Mais son regard sans la quitter ne cessait de dériver. Ce n’était pas Alice qui avait, à cet instant précis, le plus besoin d’être surveillé.
« Puisque vous êtes tous les deux ici, restez au moins pour le dîner, suggéra Dickie Dick.
— Mais elle est vraiment trop jeune pour un club comme celui-là ! rétorqua Emily.

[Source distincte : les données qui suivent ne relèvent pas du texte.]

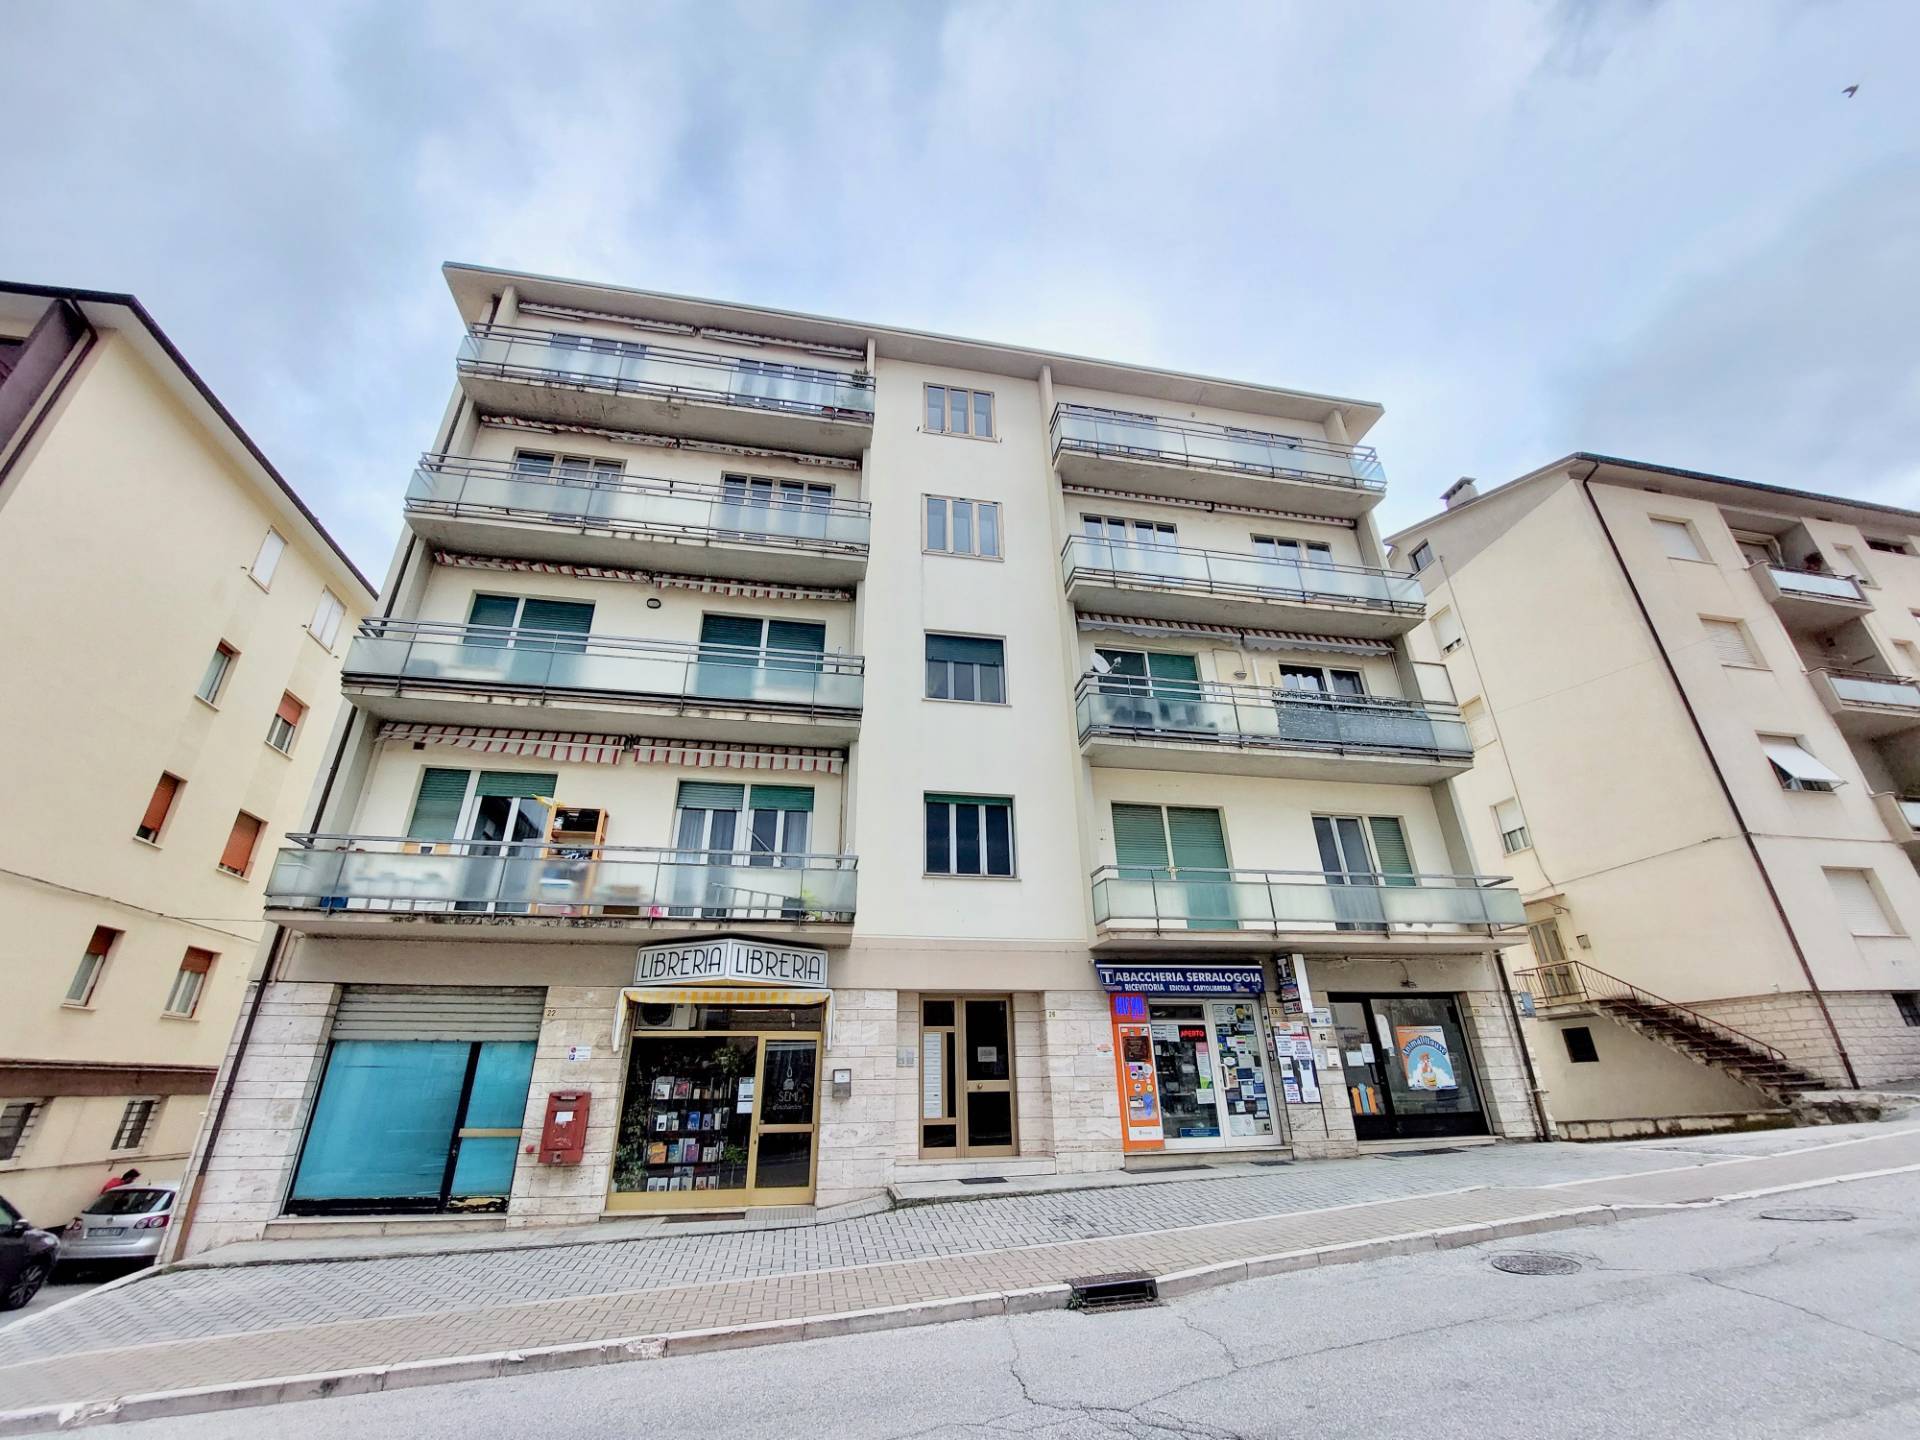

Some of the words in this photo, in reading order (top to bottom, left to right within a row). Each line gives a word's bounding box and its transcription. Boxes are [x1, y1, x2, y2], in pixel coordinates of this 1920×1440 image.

[640, 946, 722, 979] LIBRERIA
[735, 946, 821, 981] LIBRERIA
[1186, 971, 1262, 983] SERRALOGGIA
[1124, 983, 1165, 992] RICEVITORIA
[1169, 984, 1191, 992] EDICOLA
[1193, 984, 1232, 992] CARTOLIBRERIA
[546, 1009, 557, 1017] 22
[1180, 1029, 1205, 1038] APERTO

— Merci pour votre sollicitude, très chère, mais je trouve l’endroit tout à fait à mon goût, rétorqua Alice
— On ne te demande pas ton avis ! trancha Theo.
— Viendra-t-elle avec nous à Ramsgate ? demanda Dickie Dick.
— C’est prévu. Je ne peux pas la laisser seule chez moi… »
Un garçon en smoking s’approcha de la table avec son carnet et interrompit la conversation :
« Excusez-moi, mesdames, messieurs, souhaiteriez-vous boire quelque chose.
— Une bouteille de Vermouth, je vous prie, commanda O’Neill.
— Un punch, ajouta Baby.
— Pour moi aussi, demanda Dickie Dick.
— Un whisky sec et un Earl Grey, je vous prie, déclara Theo.
— Un thé ? Pour qui ? s’enquit Alice.
— Pour toi ! Et tu peux me remercier de te laisser dîner ici.
— Vraiment ? »
Theo jeta un coup d’œil à sa sœur qui atterrit dans son décolleté. Il ne savait pas ce dont il serait capable, s’il se retrouvait seul avec elle. Ici, au moins, la présence des gens autour d’eux l’empêcher de succomber. Avec un peu de chance, en se concentrant sur Baby, il pourrait même l’oublier.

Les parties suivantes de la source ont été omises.